Saved data entries:
○ ○ ○ ○ ○ ○ ○
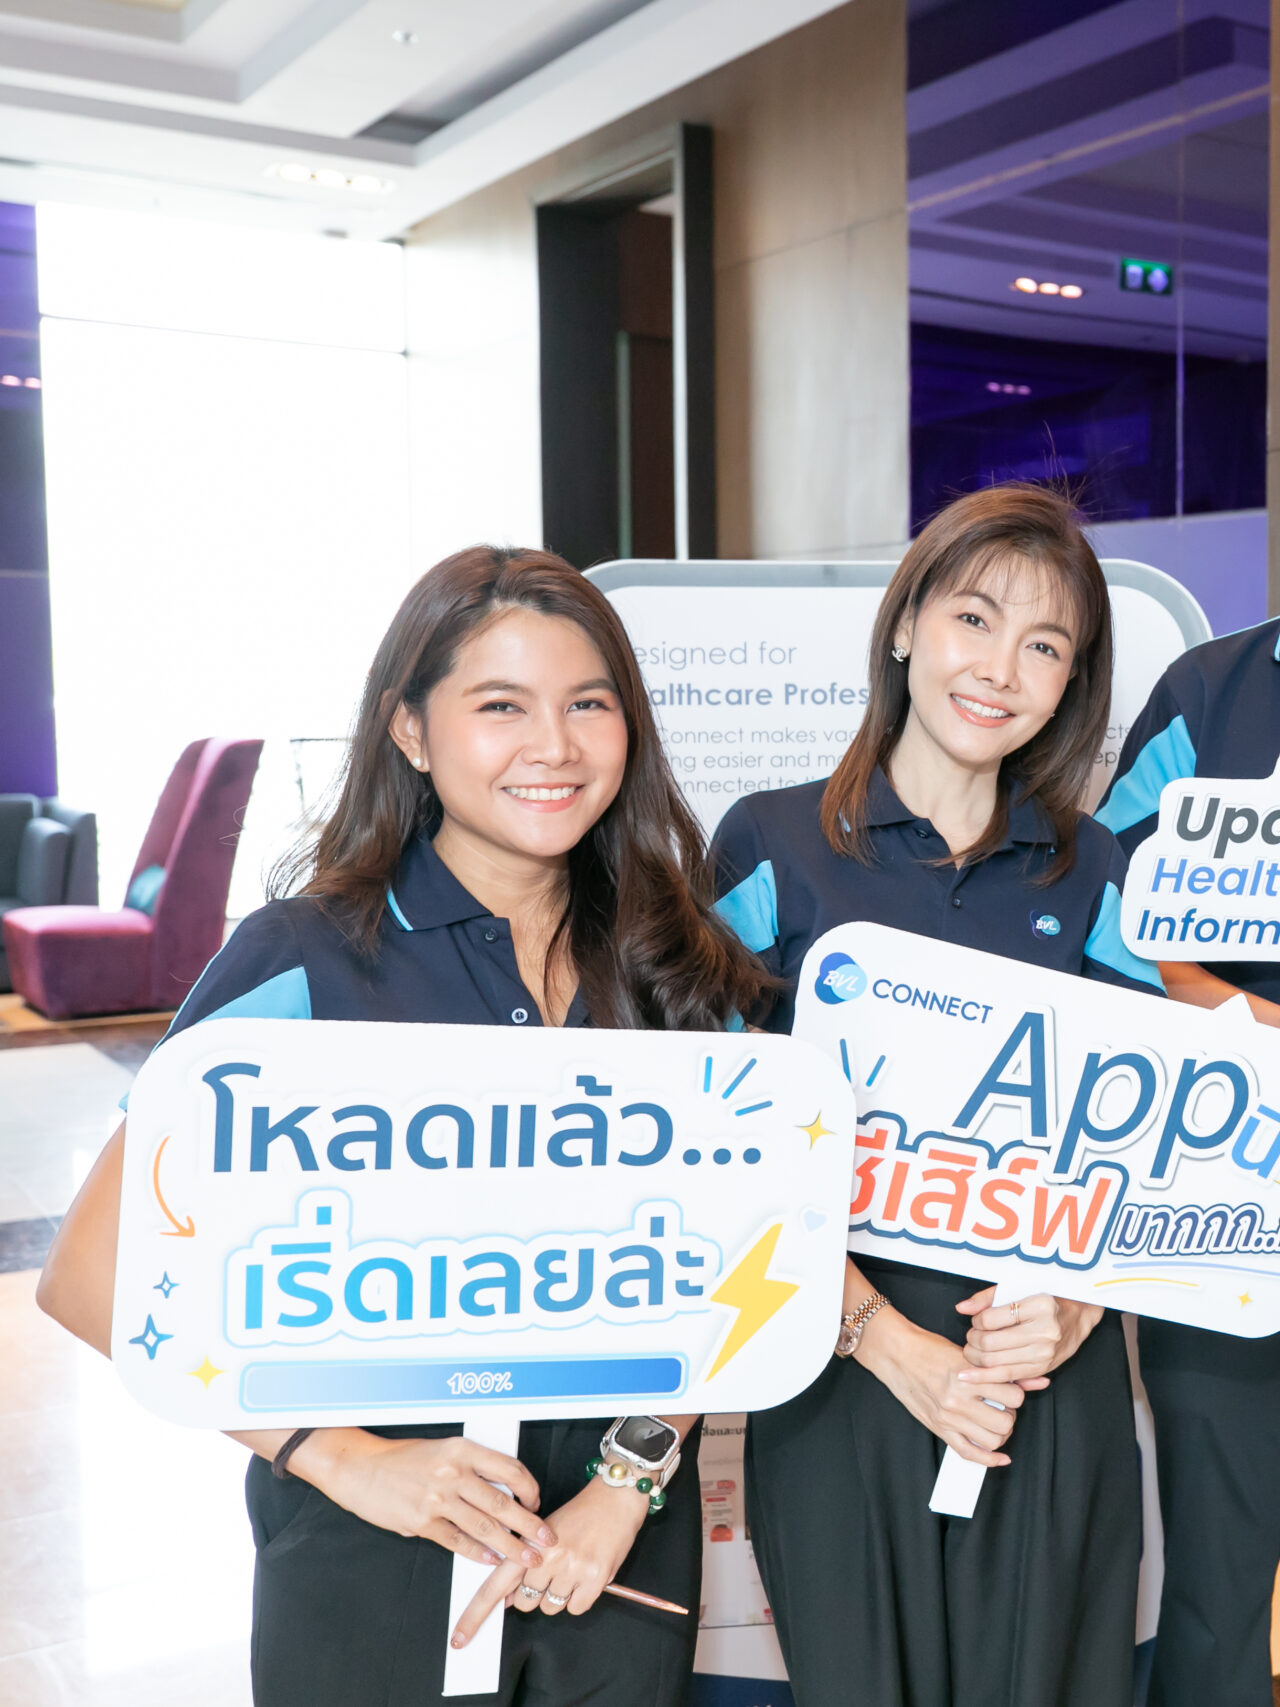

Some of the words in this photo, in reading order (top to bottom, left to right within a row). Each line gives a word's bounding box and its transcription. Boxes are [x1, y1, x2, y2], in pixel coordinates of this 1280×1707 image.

[634, 640, 748, 671] esigned
[760, 640, 798, 665] for
[651, 683, 774, 706] althcare
[784, 682, 869, 706] Profes
[750, 727, 817, 744] makes
[703, 753, 762, 769] easier
[769, 751, 811, 768] and
[682, 775, 770, 793] nnected
[1035, 919, 1057, 931] BVL
[822, 969, 860, 993] BVL
[872, 978, 994, 1025] CONNECT
[951, 1010, 1251, 1179] App
[201, 1061, 763, 1174] โหลดแล้ว...
[244, 1205, 705, 1330] เริ่ดเลยล่ะ
[446, 1371, 514, 1396] 100%
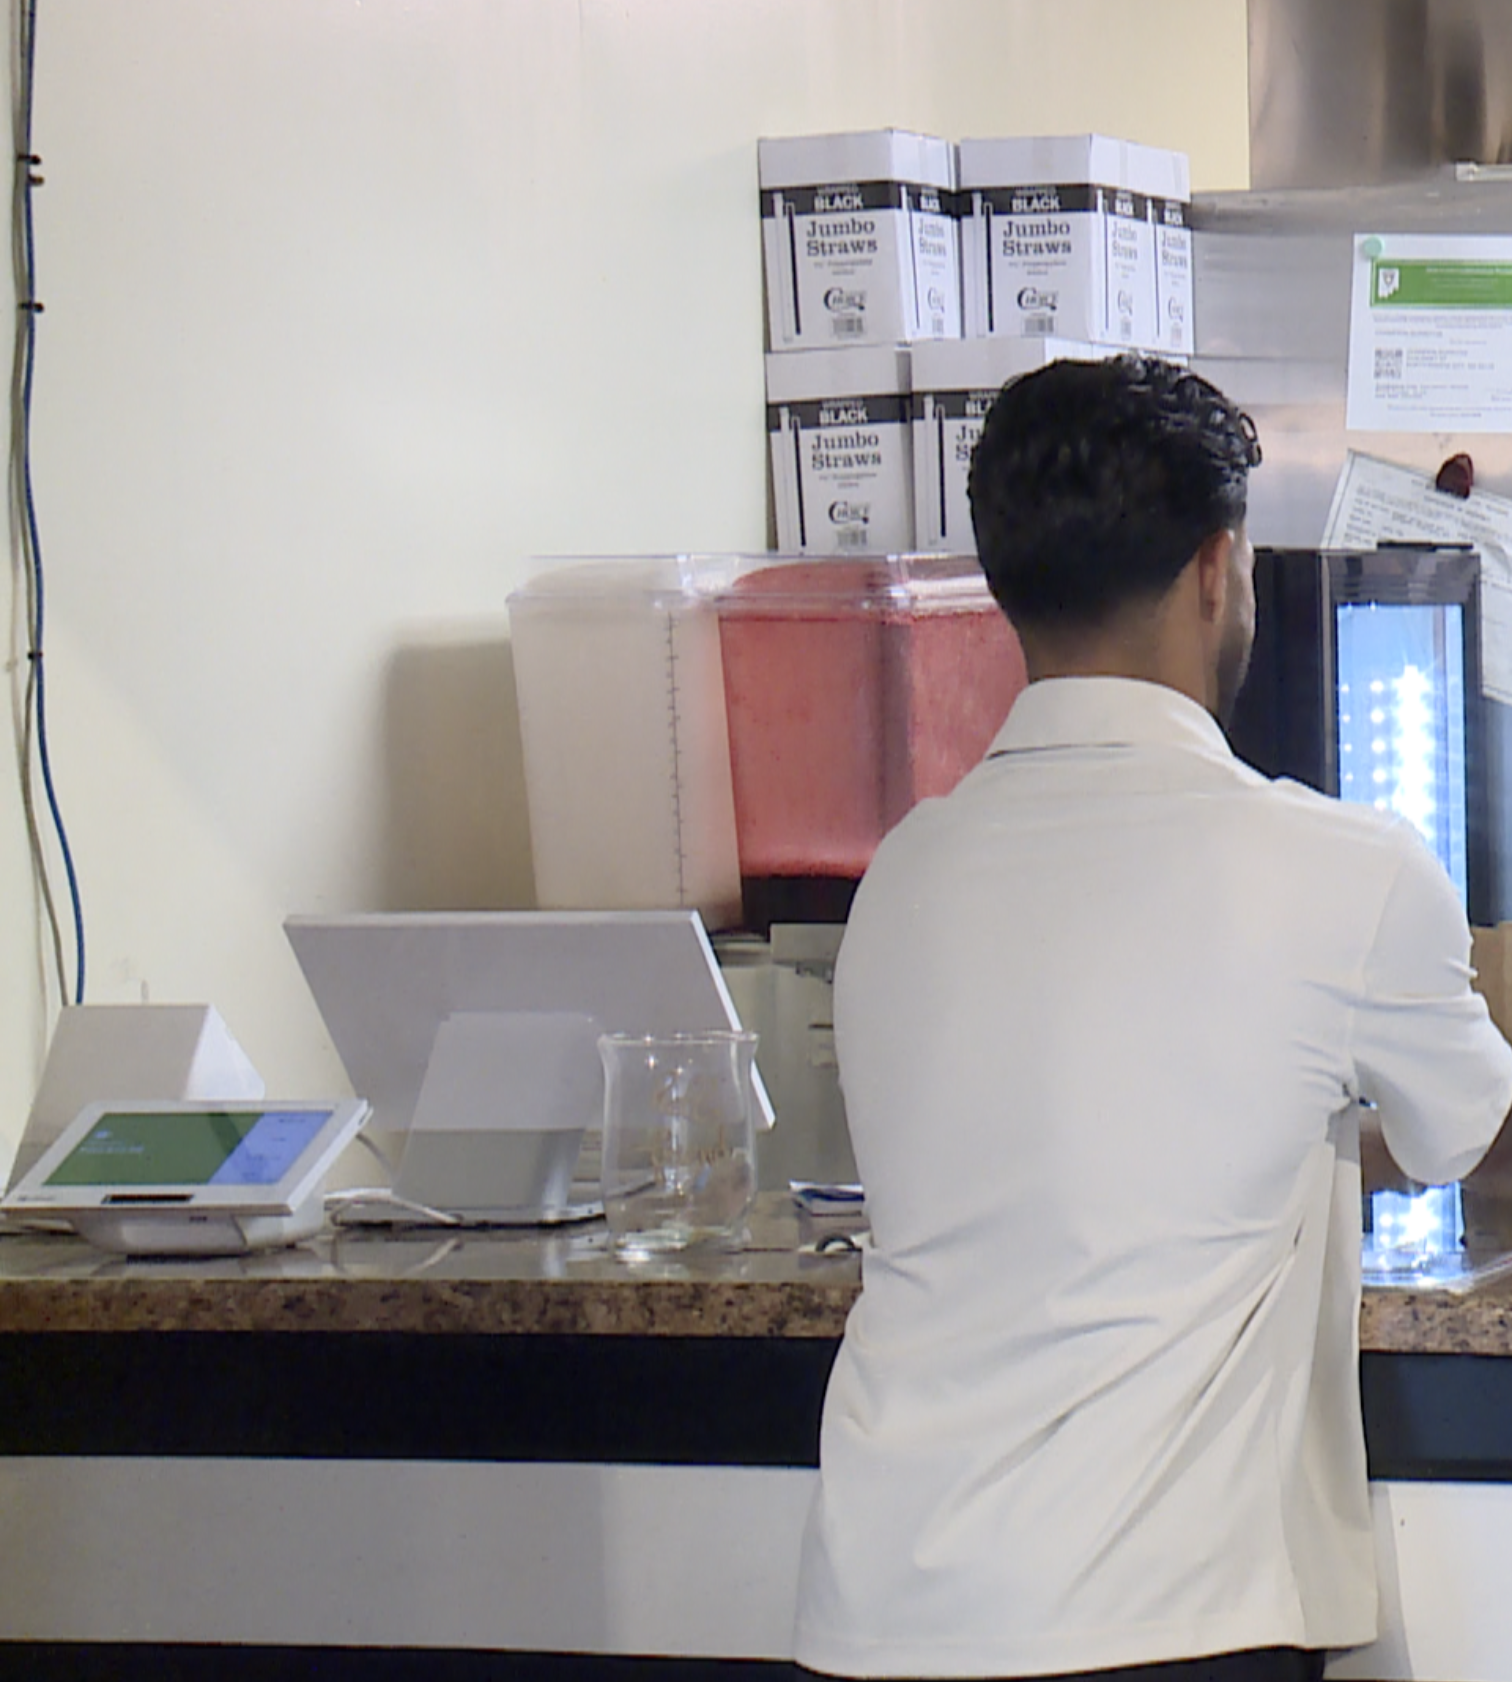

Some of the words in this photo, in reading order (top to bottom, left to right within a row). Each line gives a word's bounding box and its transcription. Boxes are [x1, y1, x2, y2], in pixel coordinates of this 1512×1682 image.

[814, 193, 864, 212] BLACK
[1012, 194, 1062, 212] BLACK
[806, 218, 876, 238] Jumbo
[1003, 218, 1071, 238] Jumbo
[806, 239, 878, 257] Straws
[1002, 239, 1072, 257] Straws
[819, 405, 869, 424] BLACK
[811, 431, 880, 451] Jumbo
[811, 451, 882, 471] Straws
○ ○ ○ ○ ○ ○ ○
What you should do:
Excluding the pictures, reproduce every entry exactly as given.

Answer to the problem:
Some of the words in this photo, in reading order (top to bottom, left to right within a row). Each line gives a word's bounding box and its transcription. Boxes are [x1, y1, x2, y2], in pixel coordinates of this 1280×1707 image.

[634, 640, 748, 671] esigned
[760, 640, 798, 665] for
[651, 683, 774, 706] althcare
[784, 682, 869, 706] Profes
[750, 727, 817, 744] makes
[703, 753, 762, 769] easier
[769, 751, 811, 768] and
[682, 775, 770, 793] nnected
[1035, 919, 1057, 931] BVL
[822, 969, 860, 993] BVL
[872, 978, 994, 1025] CONNECT
[951, 1010, 1251, 1179] App
[201, 1061, 763, 1174] โหลดแล้ว...
[244, 1205, 705, 1330] เริ่ดเลยล่ะ
[446, 1371, 514, 1396] 100%

Some of the words in this photo, in reading order (top to bottom, left to right within a row). Each line gives a word's bounding box and its transcription. Boxes are [x1, y1, x2, y2], in pixel coordinates of this 1512×1682 image.

[814, 193, 864, 212] BLACK
[1012, 194, 1062, 212] BLACK
[806, 218, 876, 238] Jumbo
[1003, 218, 1071, 238] Jumbo
[806, 239, 878, 257] Straws
[1002, 239, 1072, 257] Straws
[819, 405, 869, 424] BLACK
[811, 431, 880, 451] Jumbo
[811, 451, 882, 471] Straws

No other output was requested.